▸ What you are asked to do: Would you return the entries below exactly from the line containing "this 1280×1280 image." onward, ending with the final line and including it, and nothing else?

▸ Task input:
--------------------------------------------------

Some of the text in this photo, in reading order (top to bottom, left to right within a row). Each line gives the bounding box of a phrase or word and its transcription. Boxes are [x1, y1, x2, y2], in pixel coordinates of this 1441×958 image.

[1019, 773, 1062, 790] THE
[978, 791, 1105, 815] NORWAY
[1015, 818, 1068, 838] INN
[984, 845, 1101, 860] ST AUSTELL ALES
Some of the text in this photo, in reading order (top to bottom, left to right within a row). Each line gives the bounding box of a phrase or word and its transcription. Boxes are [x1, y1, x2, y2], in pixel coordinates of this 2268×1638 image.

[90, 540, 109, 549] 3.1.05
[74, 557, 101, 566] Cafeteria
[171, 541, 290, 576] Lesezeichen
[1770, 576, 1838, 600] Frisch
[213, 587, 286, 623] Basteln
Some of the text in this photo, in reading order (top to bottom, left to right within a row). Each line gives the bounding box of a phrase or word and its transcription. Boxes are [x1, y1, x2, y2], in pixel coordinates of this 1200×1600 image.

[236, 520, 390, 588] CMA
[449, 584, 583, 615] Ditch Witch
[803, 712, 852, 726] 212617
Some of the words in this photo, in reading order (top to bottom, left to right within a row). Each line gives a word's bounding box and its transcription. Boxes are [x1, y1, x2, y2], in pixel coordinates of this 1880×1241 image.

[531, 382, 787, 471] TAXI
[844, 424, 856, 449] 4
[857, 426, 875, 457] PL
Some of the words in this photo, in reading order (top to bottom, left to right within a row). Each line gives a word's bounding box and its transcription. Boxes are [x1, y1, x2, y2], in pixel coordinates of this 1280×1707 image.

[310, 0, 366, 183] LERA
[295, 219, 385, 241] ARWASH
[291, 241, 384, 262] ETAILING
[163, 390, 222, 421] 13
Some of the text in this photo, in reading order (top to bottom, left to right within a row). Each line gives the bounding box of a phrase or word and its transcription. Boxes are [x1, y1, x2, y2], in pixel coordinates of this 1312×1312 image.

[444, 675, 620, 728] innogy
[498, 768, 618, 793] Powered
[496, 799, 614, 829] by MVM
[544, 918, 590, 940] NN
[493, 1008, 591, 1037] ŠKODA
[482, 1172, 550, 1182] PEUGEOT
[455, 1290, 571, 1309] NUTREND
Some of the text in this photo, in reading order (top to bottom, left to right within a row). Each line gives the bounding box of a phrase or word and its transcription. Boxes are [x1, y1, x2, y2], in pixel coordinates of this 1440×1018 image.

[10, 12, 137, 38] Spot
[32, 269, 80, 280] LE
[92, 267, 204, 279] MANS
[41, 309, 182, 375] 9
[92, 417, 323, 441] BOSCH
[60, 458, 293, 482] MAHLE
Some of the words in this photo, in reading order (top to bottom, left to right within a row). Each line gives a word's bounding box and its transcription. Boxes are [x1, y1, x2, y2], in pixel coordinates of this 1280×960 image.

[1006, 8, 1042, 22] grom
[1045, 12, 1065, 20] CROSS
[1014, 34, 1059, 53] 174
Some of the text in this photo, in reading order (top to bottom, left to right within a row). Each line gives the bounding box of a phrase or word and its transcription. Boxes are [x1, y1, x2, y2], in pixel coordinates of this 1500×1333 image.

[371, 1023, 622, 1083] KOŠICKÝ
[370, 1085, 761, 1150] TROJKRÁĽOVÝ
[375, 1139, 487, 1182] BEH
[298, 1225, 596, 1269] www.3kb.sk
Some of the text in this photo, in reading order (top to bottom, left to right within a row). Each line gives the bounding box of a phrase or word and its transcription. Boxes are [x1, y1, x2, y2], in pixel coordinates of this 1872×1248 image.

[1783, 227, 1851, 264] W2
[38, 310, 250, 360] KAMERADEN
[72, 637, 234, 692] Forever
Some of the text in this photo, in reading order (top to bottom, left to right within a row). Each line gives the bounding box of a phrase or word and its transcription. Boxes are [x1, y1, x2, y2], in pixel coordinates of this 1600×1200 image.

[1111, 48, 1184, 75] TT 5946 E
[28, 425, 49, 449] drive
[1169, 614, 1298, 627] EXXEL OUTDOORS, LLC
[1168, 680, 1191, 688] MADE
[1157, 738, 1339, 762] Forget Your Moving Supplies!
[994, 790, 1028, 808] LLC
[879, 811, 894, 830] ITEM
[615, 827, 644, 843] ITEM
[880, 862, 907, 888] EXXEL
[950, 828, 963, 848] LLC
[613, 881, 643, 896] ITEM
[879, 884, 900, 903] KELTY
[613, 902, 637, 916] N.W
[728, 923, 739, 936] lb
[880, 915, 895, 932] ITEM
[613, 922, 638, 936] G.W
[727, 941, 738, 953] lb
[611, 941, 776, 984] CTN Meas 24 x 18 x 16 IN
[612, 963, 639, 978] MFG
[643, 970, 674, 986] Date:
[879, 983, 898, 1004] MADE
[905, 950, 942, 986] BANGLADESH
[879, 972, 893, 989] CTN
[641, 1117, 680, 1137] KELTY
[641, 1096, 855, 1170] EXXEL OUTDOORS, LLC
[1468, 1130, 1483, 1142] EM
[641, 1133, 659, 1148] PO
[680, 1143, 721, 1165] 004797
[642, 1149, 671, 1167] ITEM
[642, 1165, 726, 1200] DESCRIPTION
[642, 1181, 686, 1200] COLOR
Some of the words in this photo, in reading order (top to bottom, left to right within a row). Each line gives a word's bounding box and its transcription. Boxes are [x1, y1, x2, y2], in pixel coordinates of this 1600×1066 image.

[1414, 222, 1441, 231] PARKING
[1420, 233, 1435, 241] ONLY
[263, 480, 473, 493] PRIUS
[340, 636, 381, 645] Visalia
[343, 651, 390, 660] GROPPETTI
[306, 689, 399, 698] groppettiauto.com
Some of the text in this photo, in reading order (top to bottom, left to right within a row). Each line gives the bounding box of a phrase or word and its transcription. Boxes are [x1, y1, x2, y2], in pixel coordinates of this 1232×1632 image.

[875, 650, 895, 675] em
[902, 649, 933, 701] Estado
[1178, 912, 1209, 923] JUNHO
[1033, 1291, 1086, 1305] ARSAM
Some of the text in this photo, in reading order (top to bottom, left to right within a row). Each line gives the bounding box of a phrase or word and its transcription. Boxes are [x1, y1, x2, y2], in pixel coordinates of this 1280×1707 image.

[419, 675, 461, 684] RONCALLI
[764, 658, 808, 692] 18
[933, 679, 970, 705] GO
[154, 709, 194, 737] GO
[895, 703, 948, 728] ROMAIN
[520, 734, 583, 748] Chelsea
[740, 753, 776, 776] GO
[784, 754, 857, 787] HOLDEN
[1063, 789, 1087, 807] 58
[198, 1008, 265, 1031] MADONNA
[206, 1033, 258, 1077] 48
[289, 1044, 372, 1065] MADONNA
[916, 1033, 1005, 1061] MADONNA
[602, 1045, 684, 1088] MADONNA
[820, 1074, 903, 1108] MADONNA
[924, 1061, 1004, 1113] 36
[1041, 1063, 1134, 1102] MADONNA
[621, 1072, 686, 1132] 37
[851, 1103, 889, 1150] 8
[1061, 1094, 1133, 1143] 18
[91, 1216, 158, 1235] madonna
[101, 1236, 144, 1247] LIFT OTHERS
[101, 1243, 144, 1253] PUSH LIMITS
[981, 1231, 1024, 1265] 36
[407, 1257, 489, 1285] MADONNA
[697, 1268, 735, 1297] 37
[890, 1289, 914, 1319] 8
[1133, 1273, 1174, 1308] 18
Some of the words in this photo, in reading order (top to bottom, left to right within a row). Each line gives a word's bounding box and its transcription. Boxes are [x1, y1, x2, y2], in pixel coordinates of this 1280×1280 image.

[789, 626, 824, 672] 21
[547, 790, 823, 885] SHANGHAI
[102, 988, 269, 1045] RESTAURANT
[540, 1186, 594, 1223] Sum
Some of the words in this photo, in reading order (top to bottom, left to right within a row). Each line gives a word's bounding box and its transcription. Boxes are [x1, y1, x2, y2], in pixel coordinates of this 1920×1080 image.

--------------------------------------------------

▸ Result:
Some of the words in this photo, in reading order (top to bottom, left to right within a row). Each line gives a word's bounding box and its transcription. Boxes are [x1, y1, x2, y2], in pixel coordinates of this 1280×1280 image.

[789, 626, 824, 672] 21
[547, 790, 823, 885] SHANGHAI
[102, 988, 269, 1045] RESTAURANT
[540, 1186, 594, 1223] Sum
Some of the words in this photo, in reading order (top to bottom, left to right within a row). Each line gives a word's bounding box and its transcription. Boxes are [x1, y1, x2, y2], in pixel coordinates of this 1920×1080 image.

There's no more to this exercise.